§ Task input
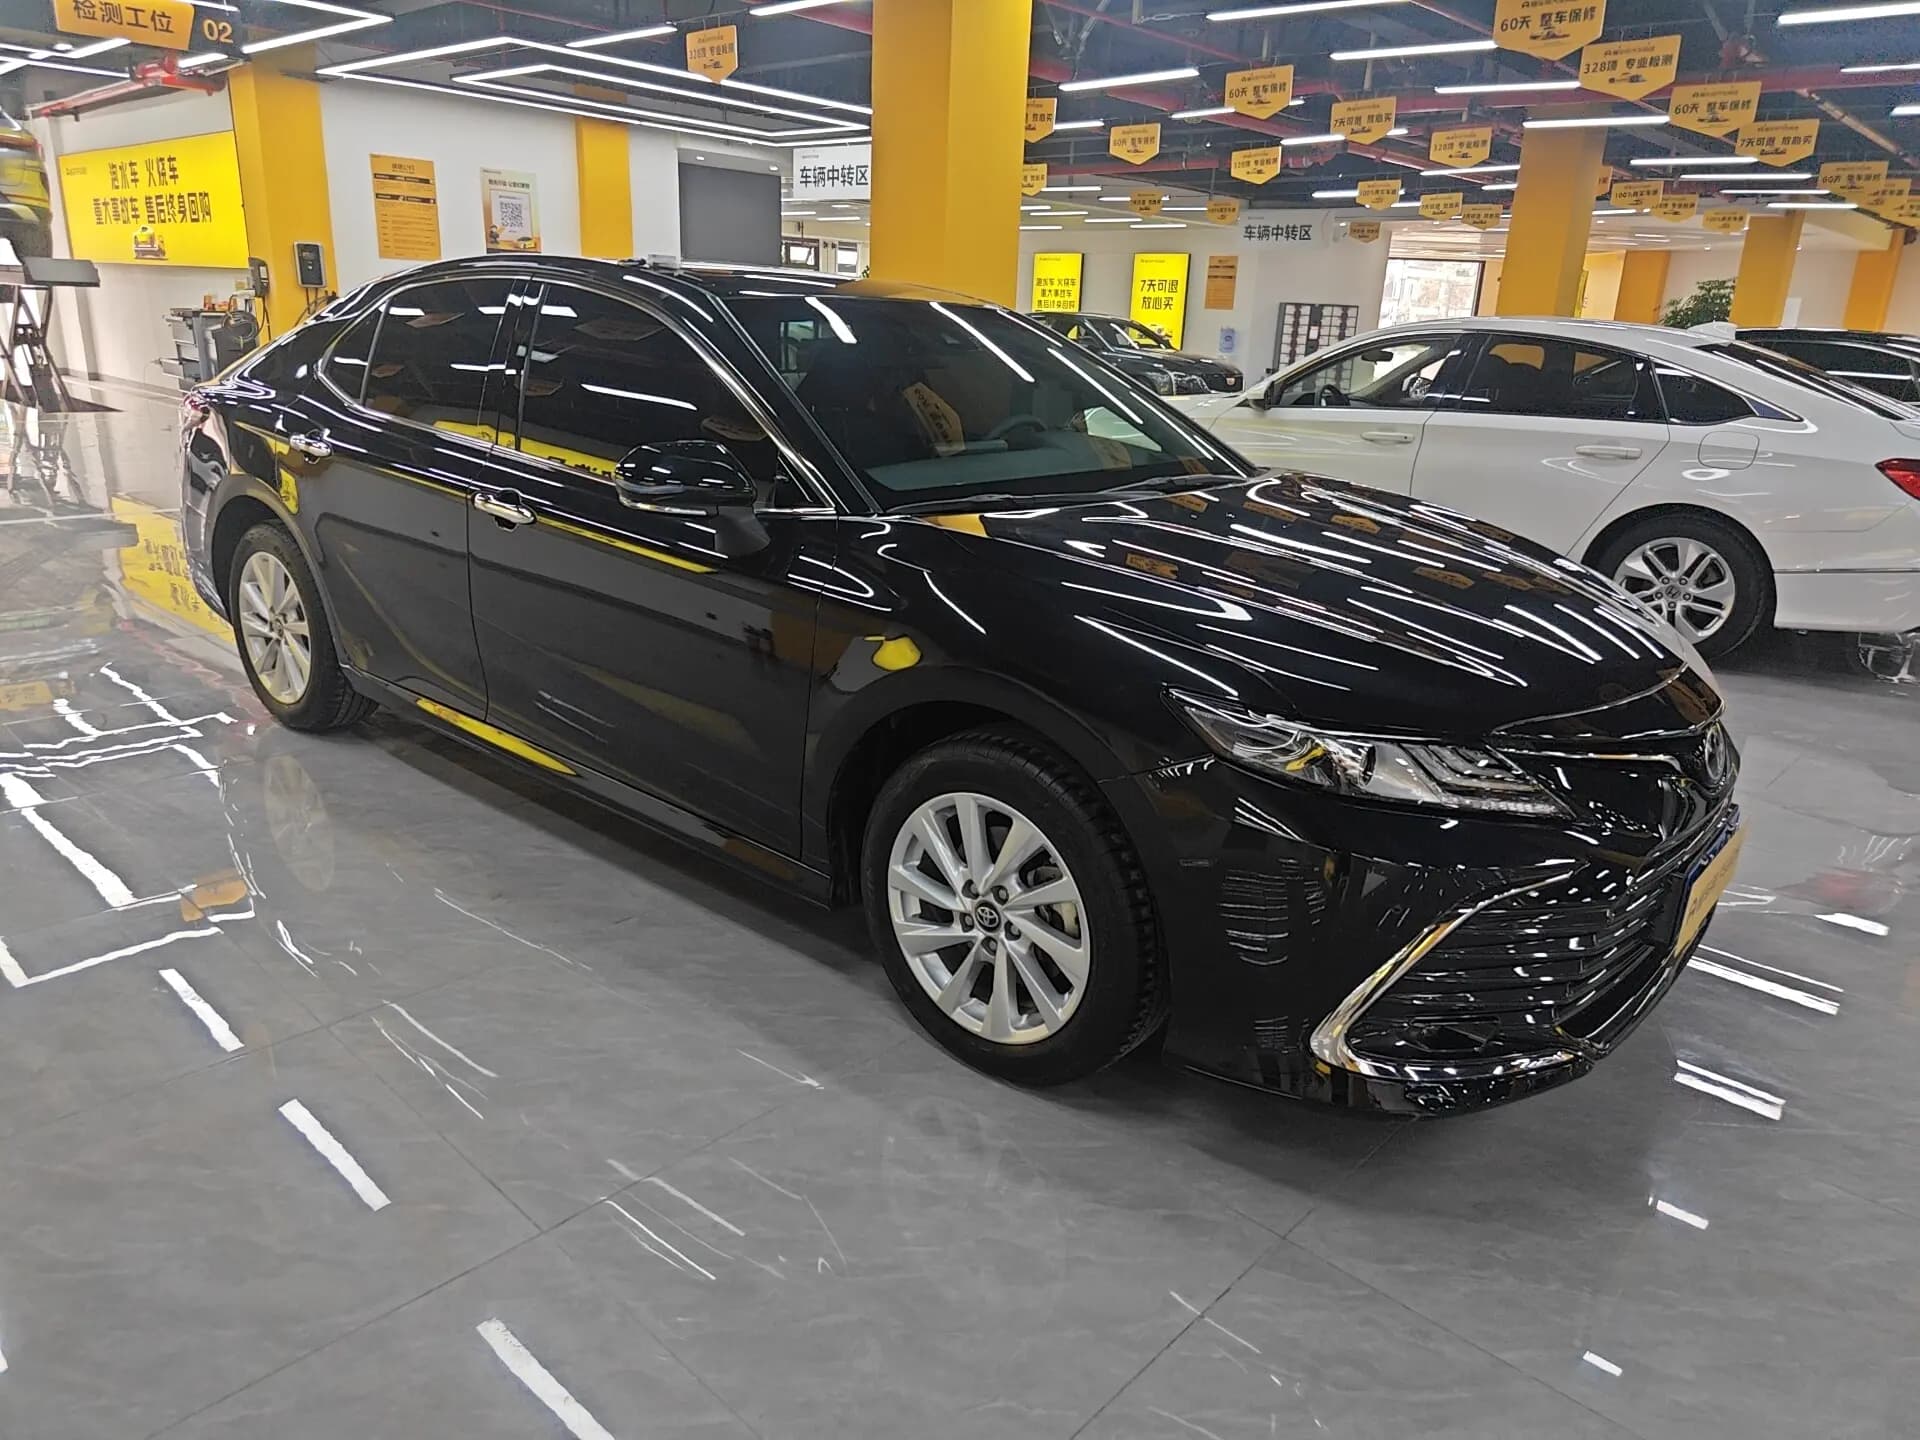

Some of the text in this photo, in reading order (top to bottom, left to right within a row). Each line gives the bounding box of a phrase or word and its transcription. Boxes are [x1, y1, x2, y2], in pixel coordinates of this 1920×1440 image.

[74, 0, 234, 44] 检测工位 02
[1500, 16, 1532, 32] 60天
[108, 155, 179, 190] 泡水车 火烧车
[799, 164, 869, 188] 车辆中转区
[93, 191, 212, 225] 重大事故车 售后终身回购
[1243, 224, 1313, 242] 车辆中转区
[1140, 279, 1179, 293] 7天可退
[1141, 296, 1174, 310] 放心买
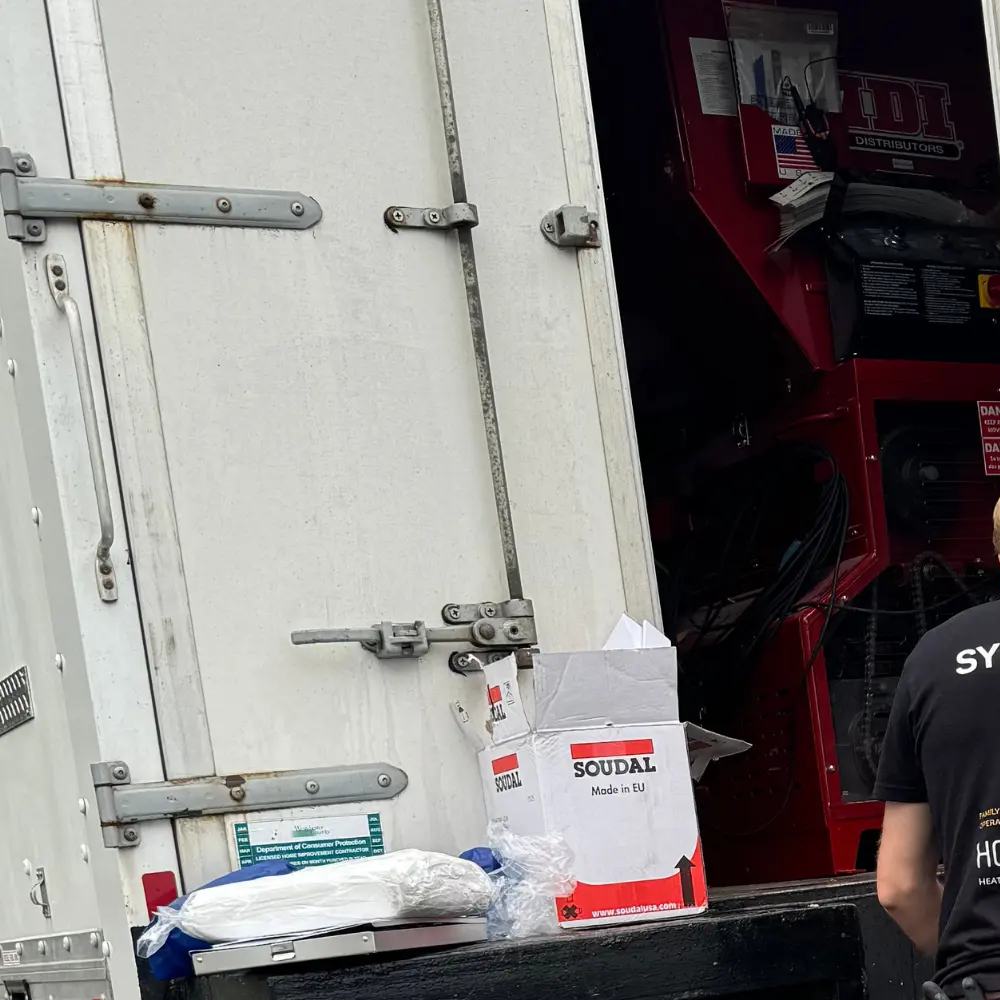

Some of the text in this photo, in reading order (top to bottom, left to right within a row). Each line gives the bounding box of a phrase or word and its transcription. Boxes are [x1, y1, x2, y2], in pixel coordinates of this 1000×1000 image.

[855, 136, 945, 154] DISTRIBUTORS
[573, 757, 656, 778] SOUDAL
[494, 771, 522, 793] SOUDAL
[591, 783, 645, 796] Made in EU
[256, 844, 293, 854] Department
[302, 841, 334, 849] Consumer
[335, 838, 366, 847] Protection
[591, 902, 677, 918] www.soudalusa.com
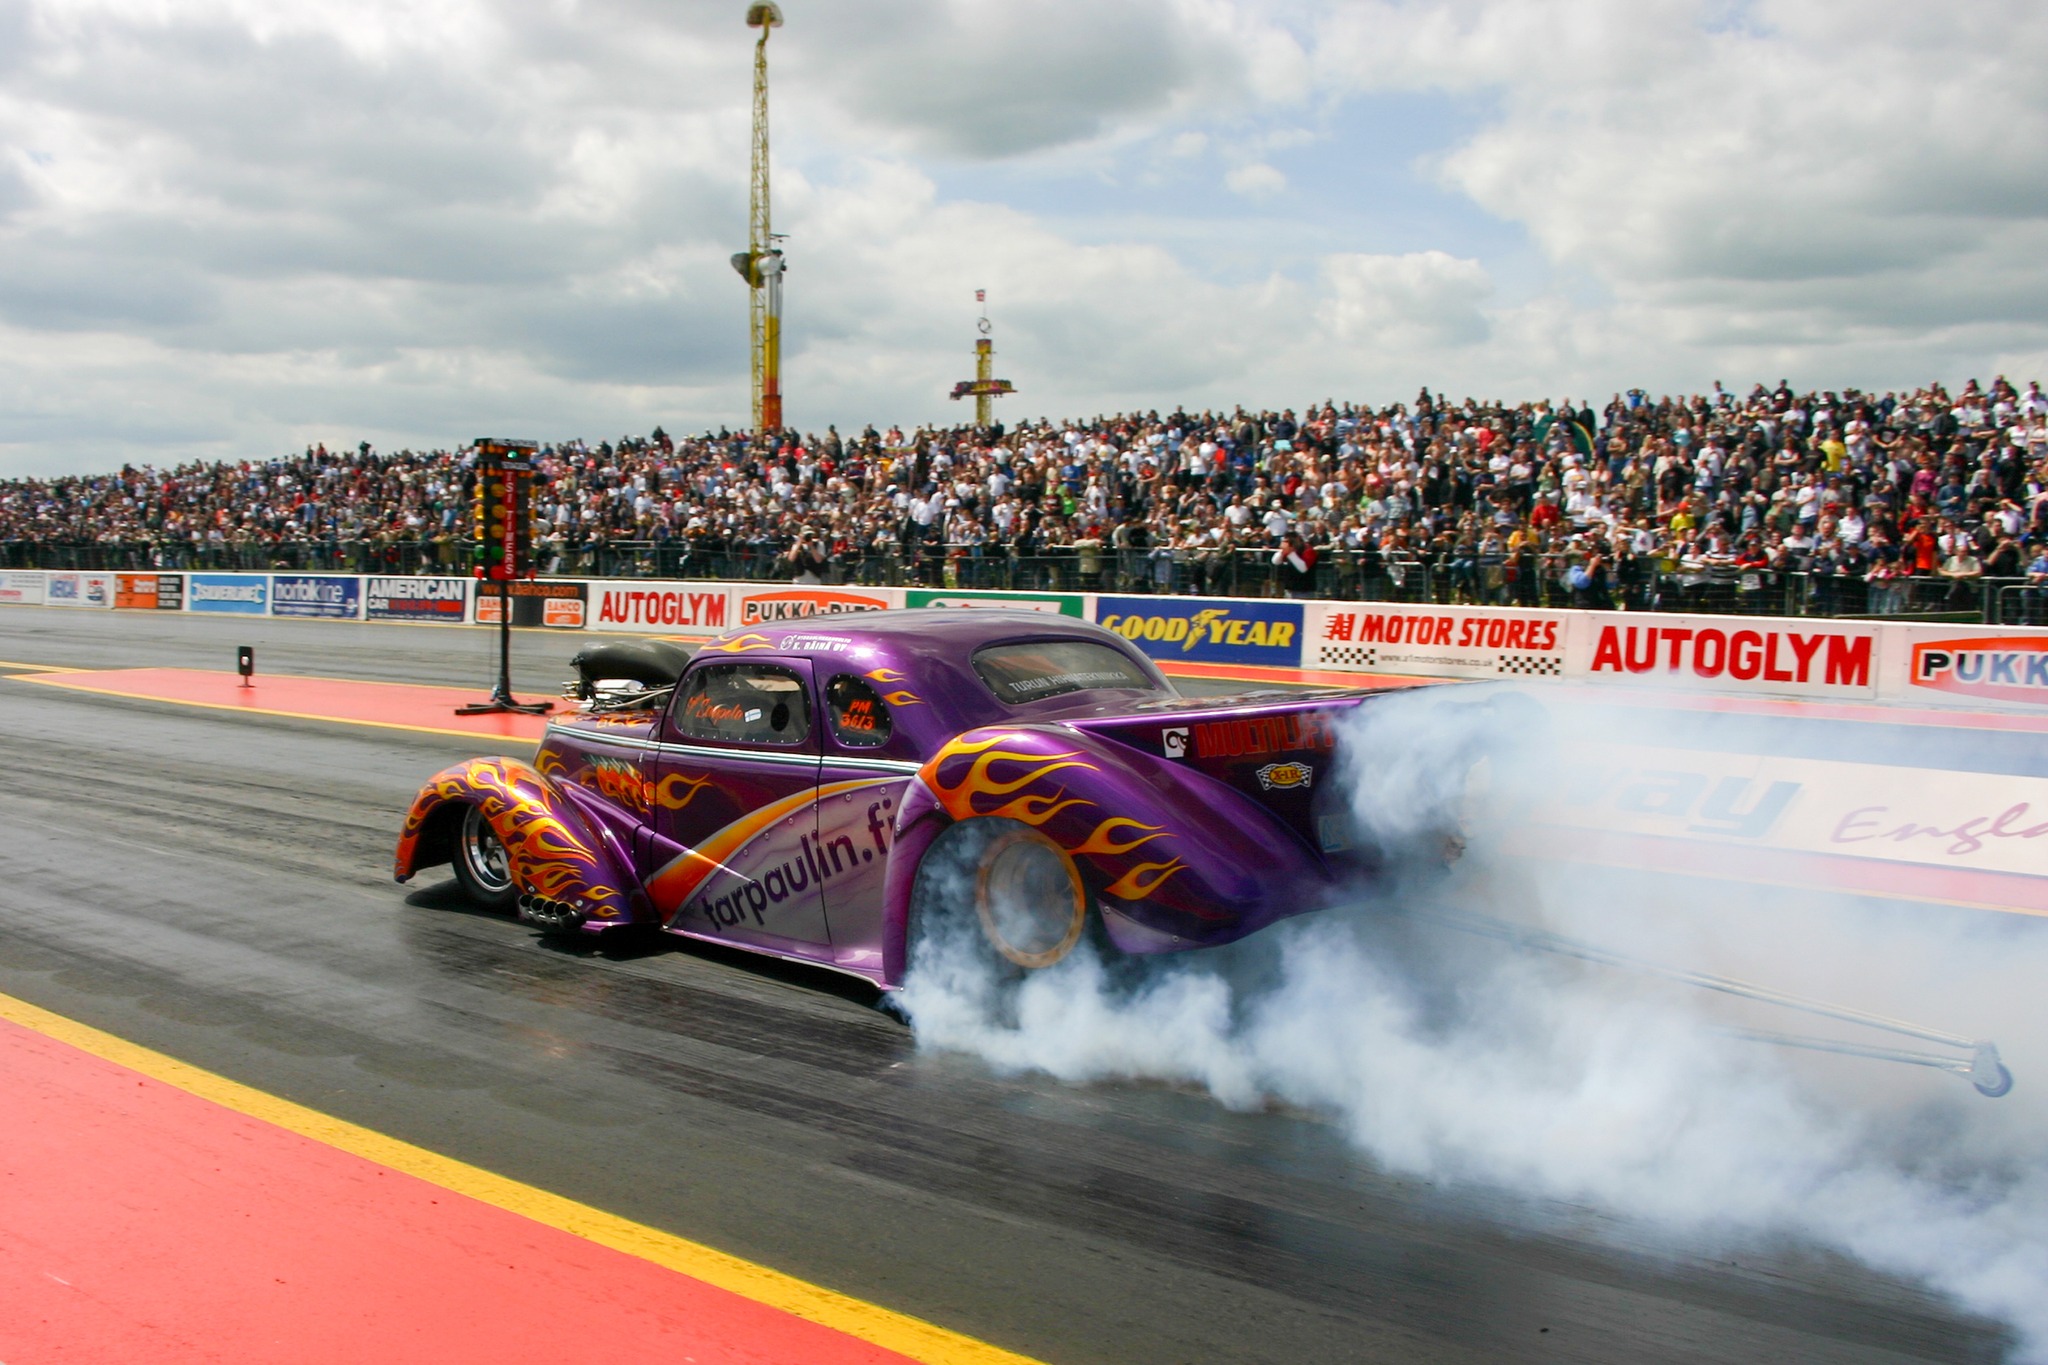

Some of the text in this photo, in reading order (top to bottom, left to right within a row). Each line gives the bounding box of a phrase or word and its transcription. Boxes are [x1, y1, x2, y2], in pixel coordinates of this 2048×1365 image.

[504, 510, 515, 574] TIMERS
[368, 579, 464, 600] AMERICAN
[368, 599, 389, 610] CAR
[547, 601, 581, 612] BAHCO
[599, 591, 726, 627] AUTOGLYM
[746, 601, 880, 620] PUKKA-PI
[1359, 614, 1455, 646] MOTOR
[1458, 617, 1558, 651] STORES
[1590, 625, 1873, 687] AUTOGLYM
[1008, 677, 1050, 692] TURUN
[849, 700, 873, 714] PM
[1194, 713, 1334, 757] MULTILIFT
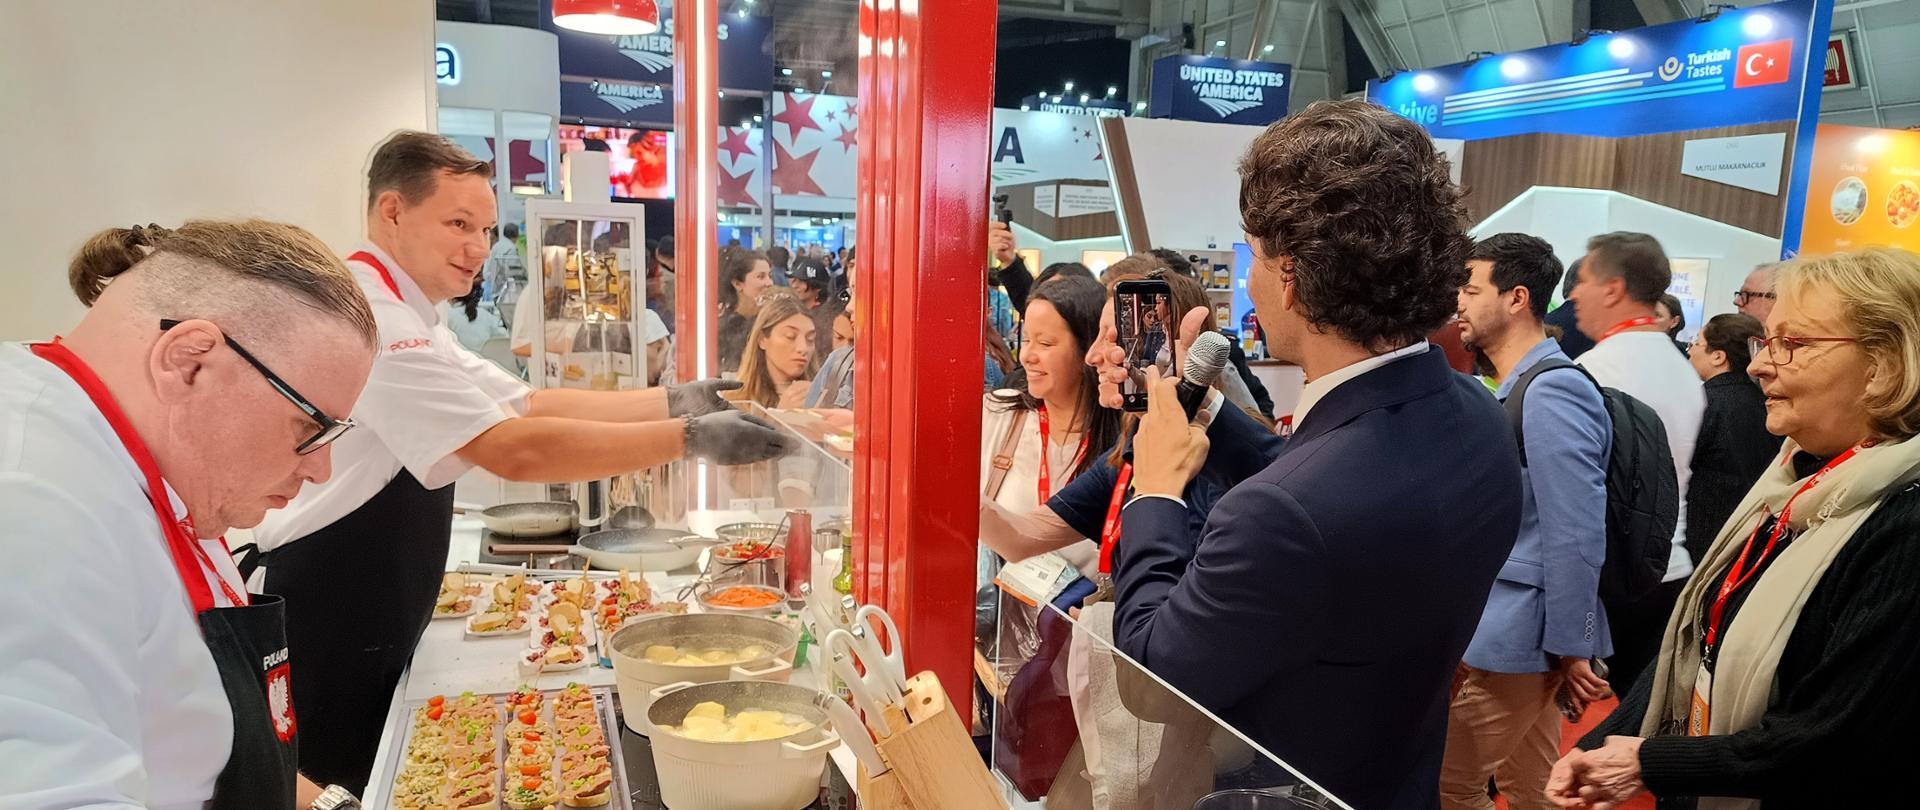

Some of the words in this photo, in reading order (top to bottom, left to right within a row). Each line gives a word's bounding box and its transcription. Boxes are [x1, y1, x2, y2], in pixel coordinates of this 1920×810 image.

§ What to do
Repeat, word for word, each of the records, omitting any image they hold.

§ Task response
Some of the text in this photo, in reading order (top to bottom, left to right within a row). Each line gives the bounding box of a phrase or word and its transcription. Boxes are [x1, y1, x2, y2], in pixel coordinates of this 1920×1440 image.

[74, 0, 234, 44] 检测工位 02
[1500, 16, 1532, 32] 60天
[108, 155, 179, 190] 泡水车 火烧车
[799, 164, 869, 188] 车辆中转区
[93, 191, 212, 225] 重大事故车 售后终身回购
[1243, 224, 1313, 242] 车辆中转区
[1140, 279, 1179, 293] 7天可退
[1141, 296, 1174, 310] 放心买

Some of the text in this photo, in reading order (top to bottom, left to right within a row). Each line gives the bounding box of a phrase or word and its transcription. Boxes are [x1, y1, x2, y2], in pixel coordinates of this 1000×1000 image.

[855, 136, 945, 154] DISTRIBUTORS
[573, 757, 656, 778] SOUDAL
[494, 771, 522, 793] SOUDAL
[591, 783, 645, 796] Made in EU
[256, 844, 293, 854] Department
[302, 841, 334, 849] Consumer
[335, 838, 366, 847] Protection
[591, 902, 677, 918] www.soudalusa.com

Some of the text in this photo, in reading order (top to bottom, left to right within a row). Each line gives the bounding box of a phrase or word and its transcription. Boxes are [x1, y1, x2, y2], in pixel coordinates of this 2048×1365 image.

[504, 510, 515, 574] TIMERS
[368, 579, 464, 600] AMERICAN
[368, 599, 389, 610] CAR
[547, 601, 581, 612] BAHCO
[599, 591, 726, 627] AUTOGLYM
[746, 601, 880, 620] PUKKA-PI
[1359, 614, 1455, 646] MOTOR
[1458, 617, 1558, 651] STORES
[1590, 625, 1873, 687] AUTOGLYM
[1008, 677, 1050, 692] TURUN
[849, 700, 873, 714] PM
[1194, 713, 1334, 757] MULTILIFT

Some of the words in this photo, in reading order (top to bottom, left to right within a row). Each line gives a word's bounding box and its transcription. Boxes are [x1, y1, x2, y2], in pixel coordinates of this 1920×810 image.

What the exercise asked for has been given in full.